La sombra pesarosa de Macron se proyecta pues sobre sus posibles "sucesores", pese a todos los intentos del presidente por apuntalar su vocación europea y de convertirse incluso en el puente post-Brexit entre el Reino Unido y la UE, tras su reciente encuentro en Londres con el nuevo premier Andy Burham, con quien se comprometió a "reforzar la relación especial".
A falta de ocho meses para su despedida, Macron busca desesperadamente ahondar en el legado europeo de su mandato, pese a las fricciones recientes con Alemania (que han quedado a la vista en la antesala de la cumbre espacial de esta semana) y su tibia postura en la crisis de Ceuta, ofreciendo "solidaridad y apoyo" a Pedro Sánchez, y desmarcándose de los 22 países de la UE que criticaron abiertamente su política migratoria en la iniciativa impulsada por Giorgia Meloni.
La última rentrée veraniega del presidente al cabo de casi un decenio en el Elíseo, no ha servido para darle la vuelta a la curva de la impopularidad, según certifica también estos días el barómetro de YouGov para el Huffington Post, que le otorga igualmente un nivel de aprobación del 20%, el mismo que tenía en agosto. Macron sigue siendo a estas alturas el segundo presidente más impopular de la Quinta República, por detrás del socialista François Hollande.
Los aspirantes a sucederle iniciaron hace tiempo un calculado desmarcaje. Gabriel Attal, sacrificado tras el fiasco de las elecciones anticipadas del 2024, ha llegado a reconocer abiertamente: "No entiendo algunas decisiones del presidente". Edouard Philippe, que aguantó al timón durante la crisis de los chalecos amarillos, llegó a reclamar incluso elecciones presidenciales anticipadas ante la sensación de ingobernabilidad que se instaló durante los dos últimos años en Fancia.
Pese a sus divergencias con su mentor, Attal sigue al frente de Renacimiento, la última reencarnación del partido creado a imagen y semejanza de Macron con el nombre de La República En Marcha. Philippe encabeza su propio partido de centro, Horizontes, con el que revalidó el marzo su victoria como alcalde de Le Havre (empañada luego por el escándalo de corrupción y tráfico de influencias, pendiente aún de juicio, que ha salpicado su campaña).

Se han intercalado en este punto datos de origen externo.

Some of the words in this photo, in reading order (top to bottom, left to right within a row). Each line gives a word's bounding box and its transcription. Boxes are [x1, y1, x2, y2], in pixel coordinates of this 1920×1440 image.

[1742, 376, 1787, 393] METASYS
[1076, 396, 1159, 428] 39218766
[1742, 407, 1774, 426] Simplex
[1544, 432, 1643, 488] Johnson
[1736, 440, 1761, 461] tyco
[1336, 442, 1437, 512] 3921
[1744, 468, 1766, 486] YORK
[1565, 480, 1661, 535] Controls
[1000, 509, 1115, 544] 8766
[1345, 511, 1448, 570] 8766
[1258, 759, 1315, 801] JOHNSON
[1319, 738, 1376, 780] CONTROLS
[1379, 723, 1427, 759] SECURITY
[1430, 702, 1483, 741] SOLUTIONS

Ante la confusión del electorado por la fragmentación creciente del centro político, el propio Philippe ha dado un paso al frente reclamando "la creación de un nuevo partido o una nueva confederación de partidos". "Eso implicará la necesidad de designar candidatos únicos en cada circunscripción", añadió, empezando por una candidatura unificada de centro a las presidenciales.
"Si queremos una mayoría política, hará falta un programa y un lema común", advirtió Philippe, respaldado entre otros por el ministro de Justicia Gerard Darmanin, que justificó su apoyo alegando que es "el capitán que nos hará llegar a buen puerto", frente a la amenaza de naufragio ante el avance impetuoso de Marine Le Pen y Agrupación Nacional.
A diferencia de Attal, percibido como más progresista, Philippe busca "una recomposición política basada en la reagrupación de la derecha y del centro", en un envite lanzado también al líder de Los Republicanos, Bruno Retailleau, empeñado en marcar también distancias con la extrema derecha.
"Debemos construir una agrupación que nos permita compartir los valores fundamentales, como el respeto al estado de derecho y al modelo democrático, el apego a la construcción europea, la defensa de los intereses y la seguridad de Francia y la conciencia clara de la urgencia climática", proclamó Philippe en un acto de campaña en Tourcoing, marcando las líneas rojas de una futura coalición unificada del centro.